[Provided material]

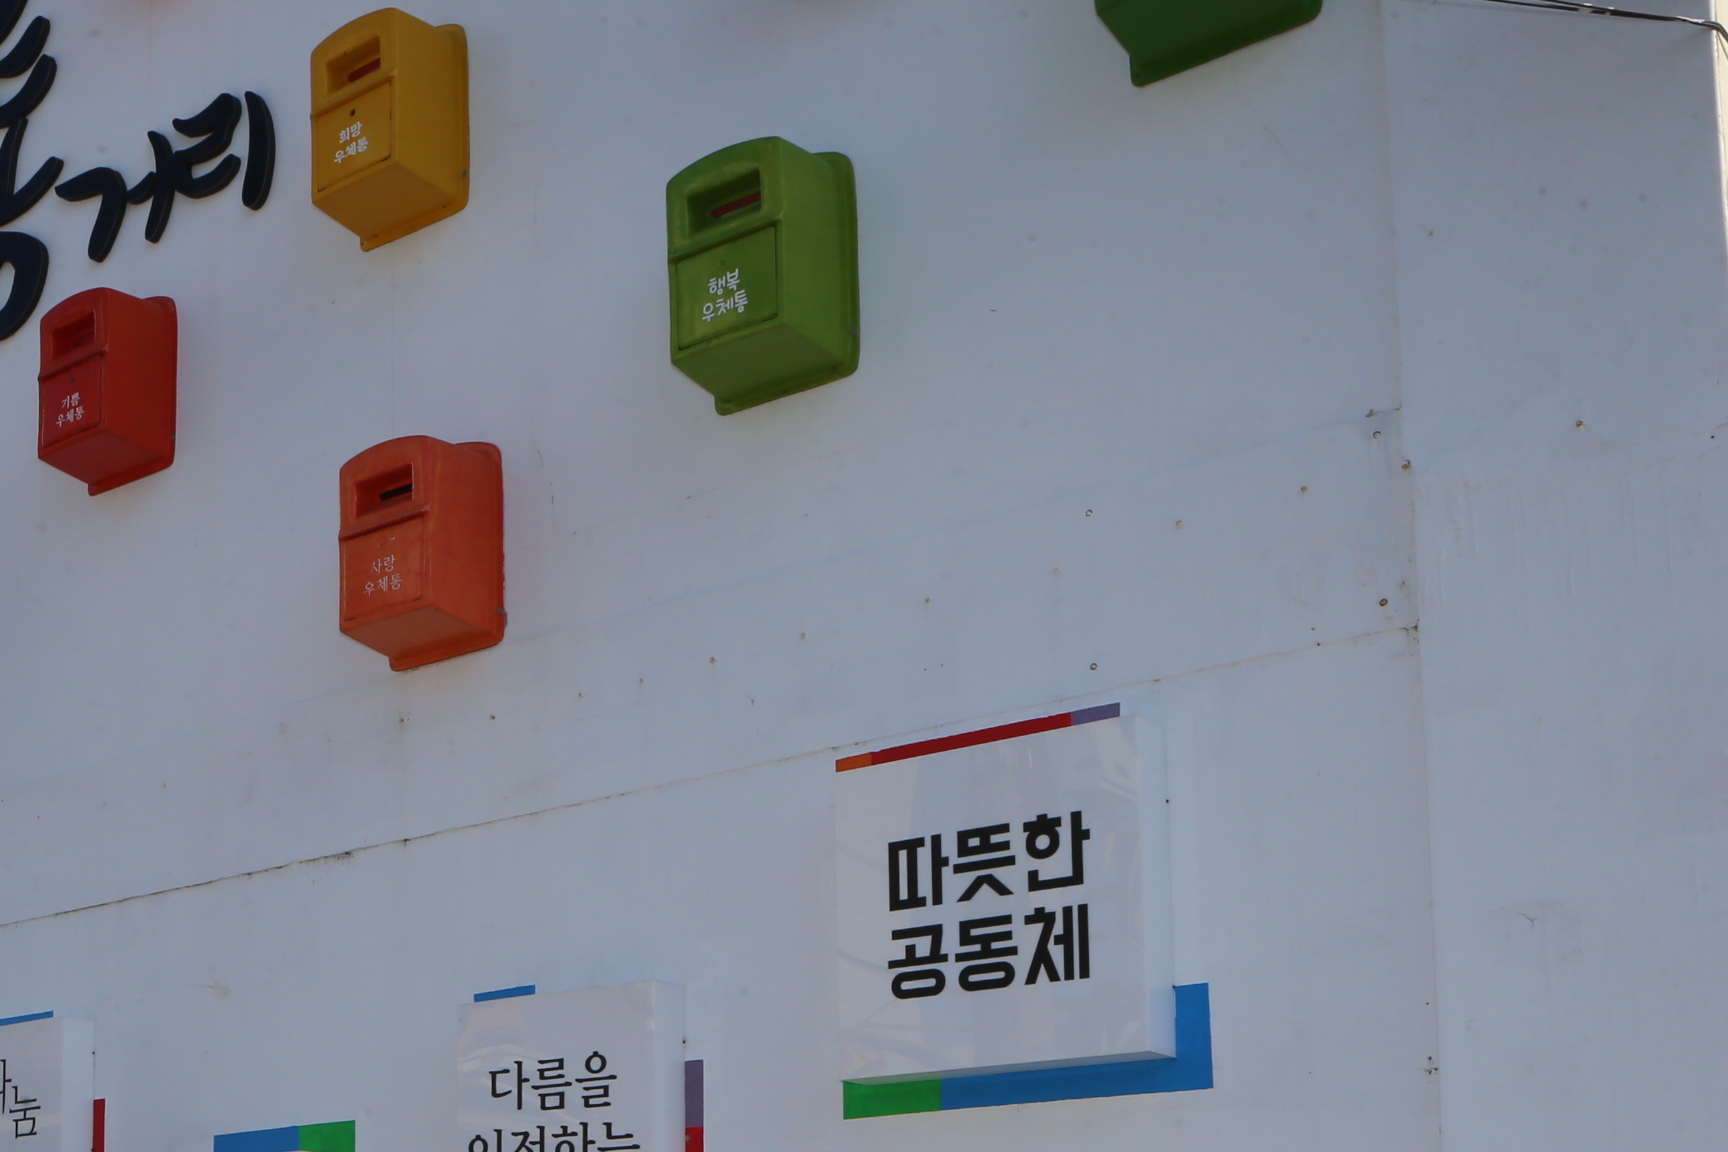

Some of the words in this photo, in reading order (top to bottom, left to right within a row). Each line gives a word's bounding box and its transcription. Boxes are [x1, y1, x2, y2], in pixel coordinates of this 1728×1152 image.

[338, 121, 363, 144] 희망
[333, 136, 369, 164] 우체통
[708, 268, 741, 296] 행복
[702, 289, 749, 322] 우체통
[61, 391, 81, 410] 기쁨
[56, 405, 85, 428] 우체통
[372, 554, 396, 575] 사랑
[363, 573, 403, 597] 우체통
[887, 810, 1091, 912] 따뜻한
[887, 903, 1091, 1000] 공동체
[488, 1050, 618, 1111] 다름을
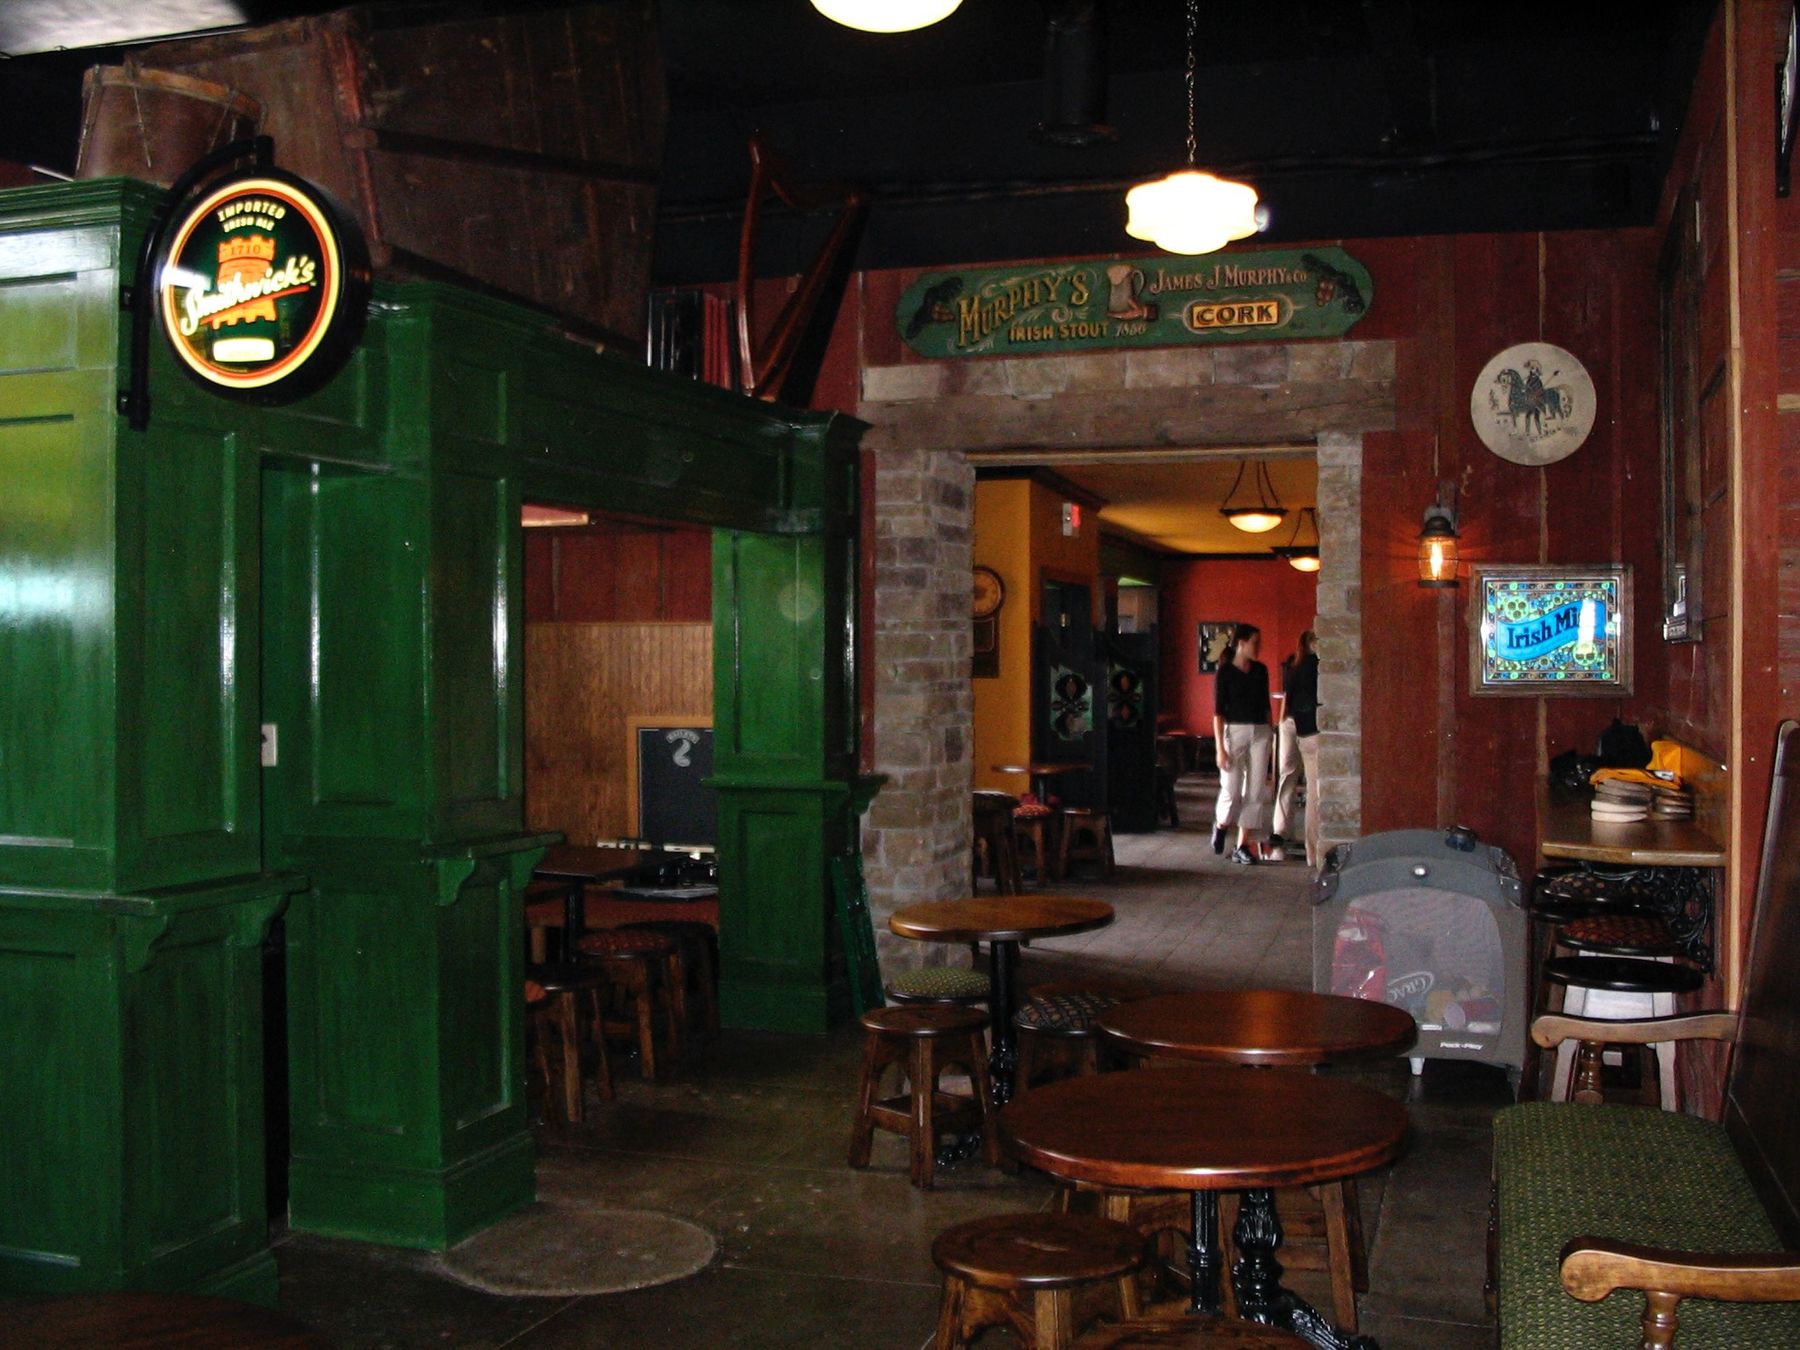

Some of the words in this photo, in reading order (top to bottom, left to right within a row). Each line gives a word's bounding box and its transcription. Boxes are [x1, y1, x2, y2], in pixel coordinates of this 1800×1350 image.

[/Provided material]

# [Problem to work on]
The entries above need to be repeated in full, word for word. Skip the images.

# [Response]
Some of the words in this photo, in reading order (top to bottom, left to right within a row). Each line gives a word's bounding box and its transcription. Boxes are [x1, y1, x2, y2], in pixel coordinates of this 1728×1152 image.

[338, 121, 363, 144] 희망
[333, 136, 369, 164] 우체통
[708, 268, 741, 296] 행복
[702, 289, 749, 322] 우체통
[61, 391, 81, 410] 기쁨
[56, 405, 85, 428] 우체통
[372, 554, 396, 575] 사랑
[363, 573, 403, 597] 우체통
[887, 810, 1091, 912] 따뜻한
[887, 903, 1091, 1000] 공동체
[488, 1050, 618, 1111] 다름을

Some of the words in this photo, in reading order (top to bottom, left to right within a row). Each line gives a word's bounding box and its transcription. Boxes are [x1, y1, x2, y2], in pixel coordinates of this 1800×1350 image.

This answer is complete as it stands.